WHAT TO DO: Here are records with pictures in them. Copy all of them exactly and leave the pictures out.

%%

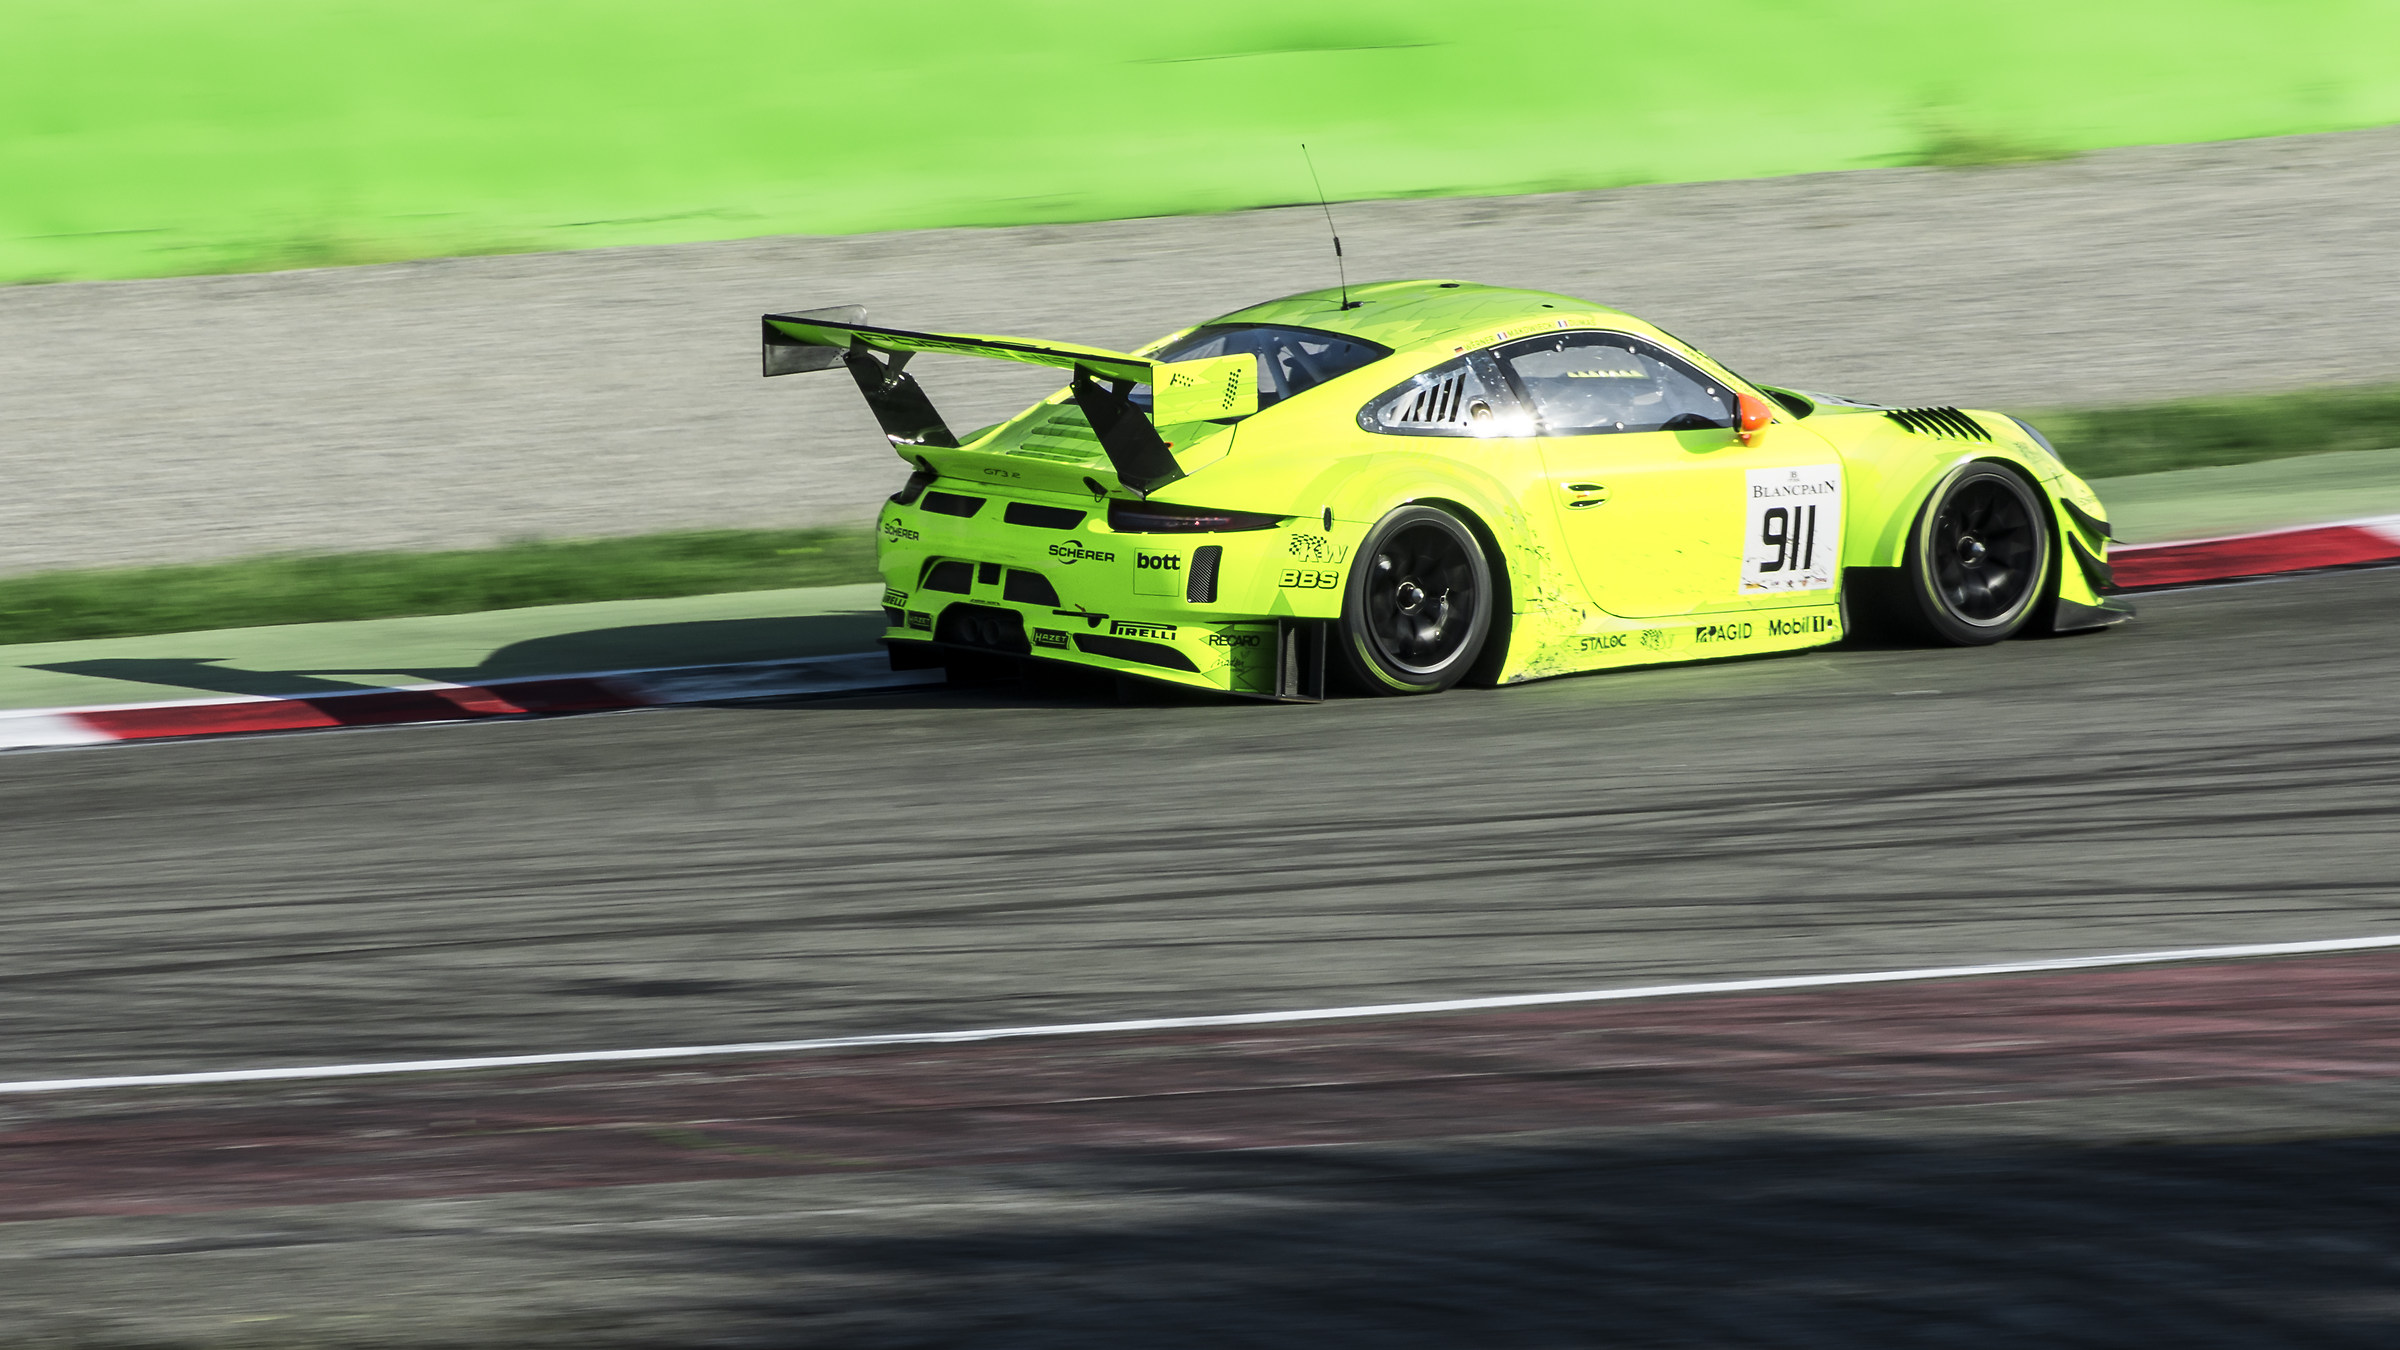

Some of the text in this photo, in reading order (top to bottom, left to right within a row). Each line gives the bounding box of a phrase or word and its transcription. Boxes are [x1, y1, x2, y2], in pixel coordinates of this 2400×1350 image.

[983, 468, 1009, 478] GT3
[1753, 480, 1835, 498] BLANCPAIN
[884, 522, 920, 541] SCHERER
[1759, 504, 1816, 573] 911
[1048, 544, 1115, 562] SCHERER
[1136, 552, 1180, 571] bott
[1298, 543, 1348, 564] KW
[1278, 568, 1339, 589] BBS
[1109, 620, 1177, 641] PIRELLI
[1708, 622, 1753, 642] PAGID
[1768, 616, 1809, 637] Mobil
[1034, 632, 1067, 644] HAZET
[1209, 634, 1260, 647] RECARO
[1580, 634, 1627, 652] STALOC

%%

EXERCISE RESPONSE:
Some of the text in this photo, in reading order (top to bottom, left to right within a row). Each line gives the bounding box of a phrase or word and its transcription. Boxes are [x1, y1, x2, y2], in pixel coordinates of this 2400×1350 image.

[983, 468, 1009, 478] GT3
[1753, 480, 1835, 498] BLANCPAIN
[884, 522, 920, 541] SCHERER
[1759, 504, 1816, 573] 911
[1048, 544, 1115, 562] SCHERER
[1136, 552, 1180, 571] bott
[1298, 543, 1348, 564] KW
[1278, 568, 1339, 589] BBS
[1109, 620, 1177, 641] PIRELLI
[1708, 622, 1753, 642] PAGID
[1768, 616, 1809, 637] Mobil
[1034, 632, 1067, 644] HAZET
[1209, 634, 1260, 647] RECARO
[1580, 634, 1627, 652] STALOC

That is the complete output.